Listen, I love a good cozy crime novel, but this was neither good nor cozy, with the main reason being the novel’s main character. OH MY GOD, this Emily-b*tch was one of the dumbest, most naive, silliest, and quite frankly most boring MCs I have ever come across.

Emily is sooo devastated when her boyfriend breaks up with her (on page 1 btw), only for us to learn that she doesn’t even know what her boyfriend does for a living?? She is literally like “I wasn’t sure exactly what he did, but he worked online from the kitchen table.” GURLLLL, the disconnect??? You don’t even know what job the love of your life is working??? 💀💀

Anyway, she will never be happy again, blah dee blah, so she moves to the middle of nowhere. Soon after, she meets her new next-door neighbour whom she is instantly suspicious of because she doesn’t talk much and has a metal fence in her garden.
I wondered what might be concealed on the other side of the fence that interested my dog so much.
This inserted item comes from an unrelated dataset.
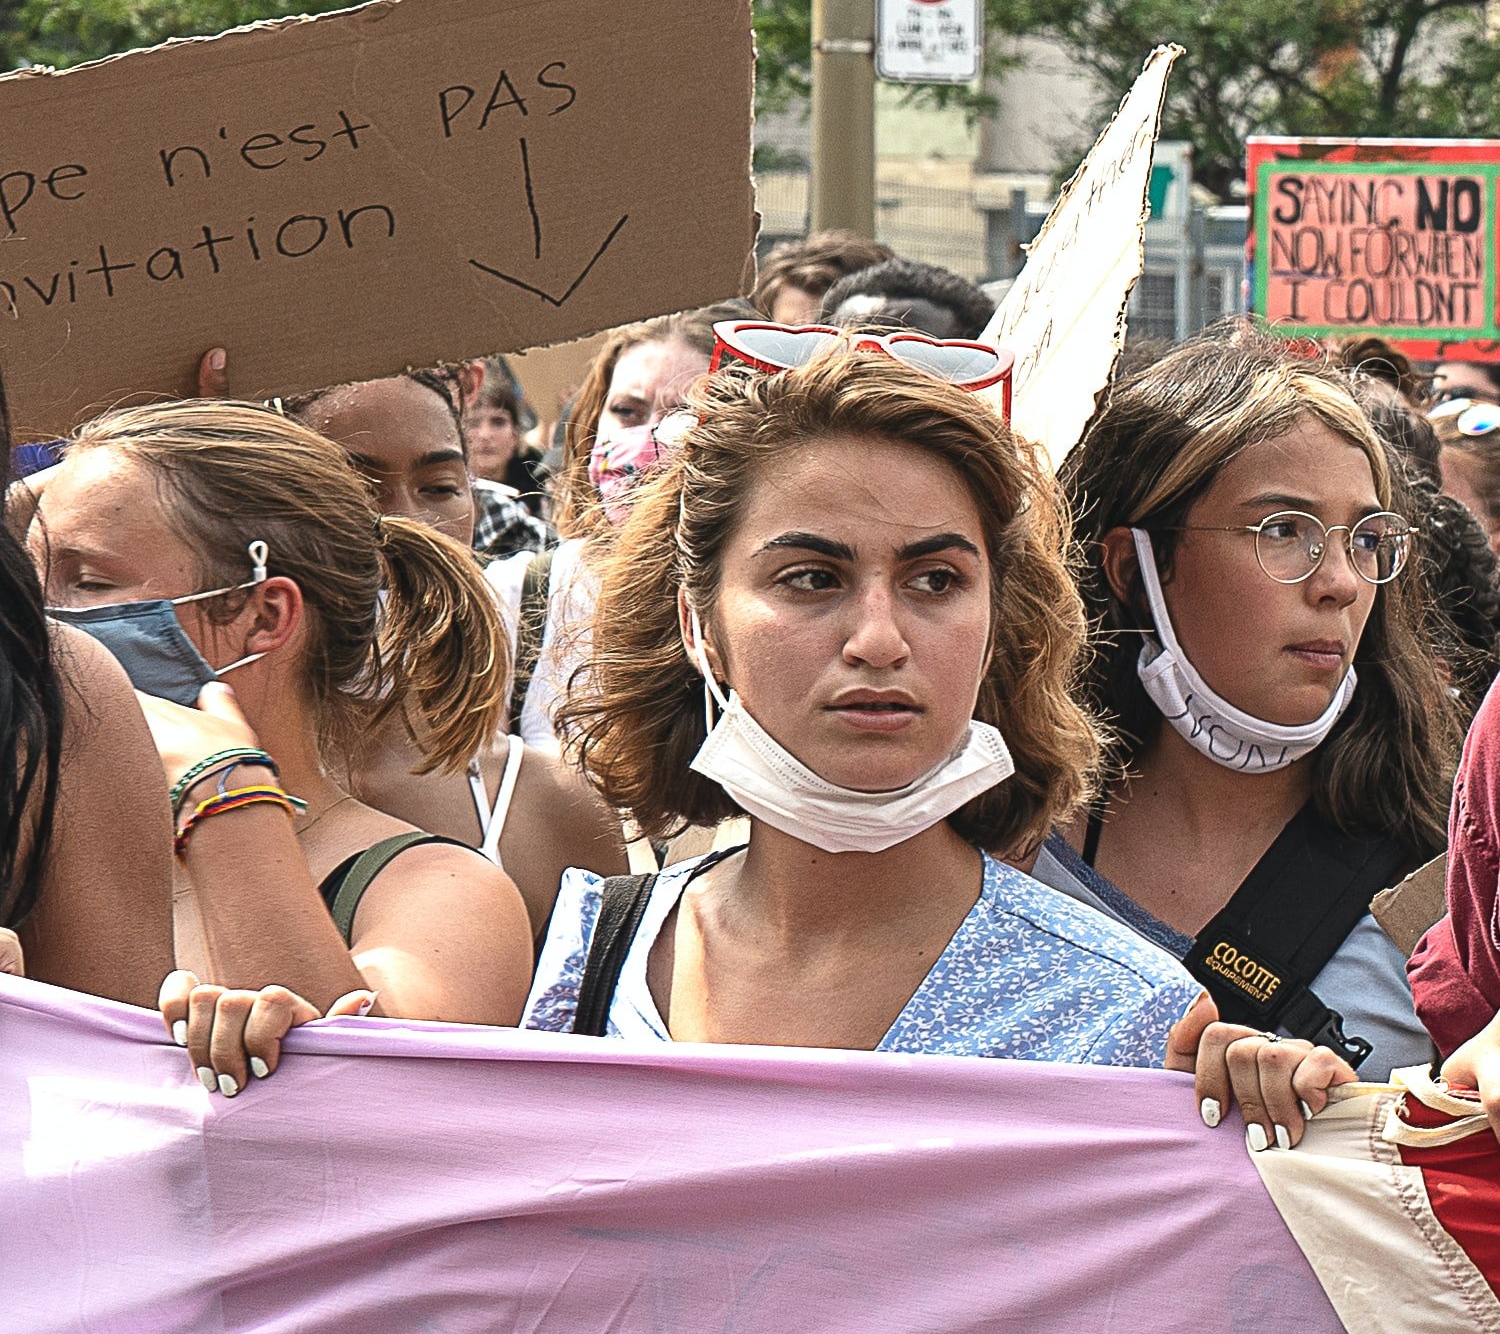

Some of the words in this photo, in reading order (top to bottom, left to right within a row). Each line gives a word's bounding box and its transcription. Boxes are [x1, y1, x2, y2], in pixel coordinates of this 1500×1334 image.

Speculating about the mysterious secret my neighbour could be hiding, it struck me that my great aunt had died as the result of a fall, not long after she had acquired a dog who was keen to tunnel under the metal fence […] Was it possible Poppy was trying to gain access to my neighbour’s garden in order to expose a nefarious secret hidden from the world? The more I speculated about it, the more likely an explanation it seemed both for the unusual metal fence, and for my great aunt’s unexpected fall down the stairs.


You’ve read it here first, folks. People with metal fences are shady. I have read a couple of very unlikely and crazy theories in my life, but I swear to God, you HAVE to be high on something (whatever it is, I need it, NOW) to suspect your neighbour whom you haven’t even had a proper chat with of killing your great aunt simply because they have a metal fence in their garden, I mean, oh lord. And Emily’s crazy theories just get more and more lurid:

It just seems a bit of a coincidence that my great aunt had a fatal accident a couple of months after she brought a dog home with her […] And the postmortem said she died after falling down the stairs at home. But what if Poppy was trying to get under the fence, and my great aunt followed her and discovered what was going on, and Alice needed to get rid of her?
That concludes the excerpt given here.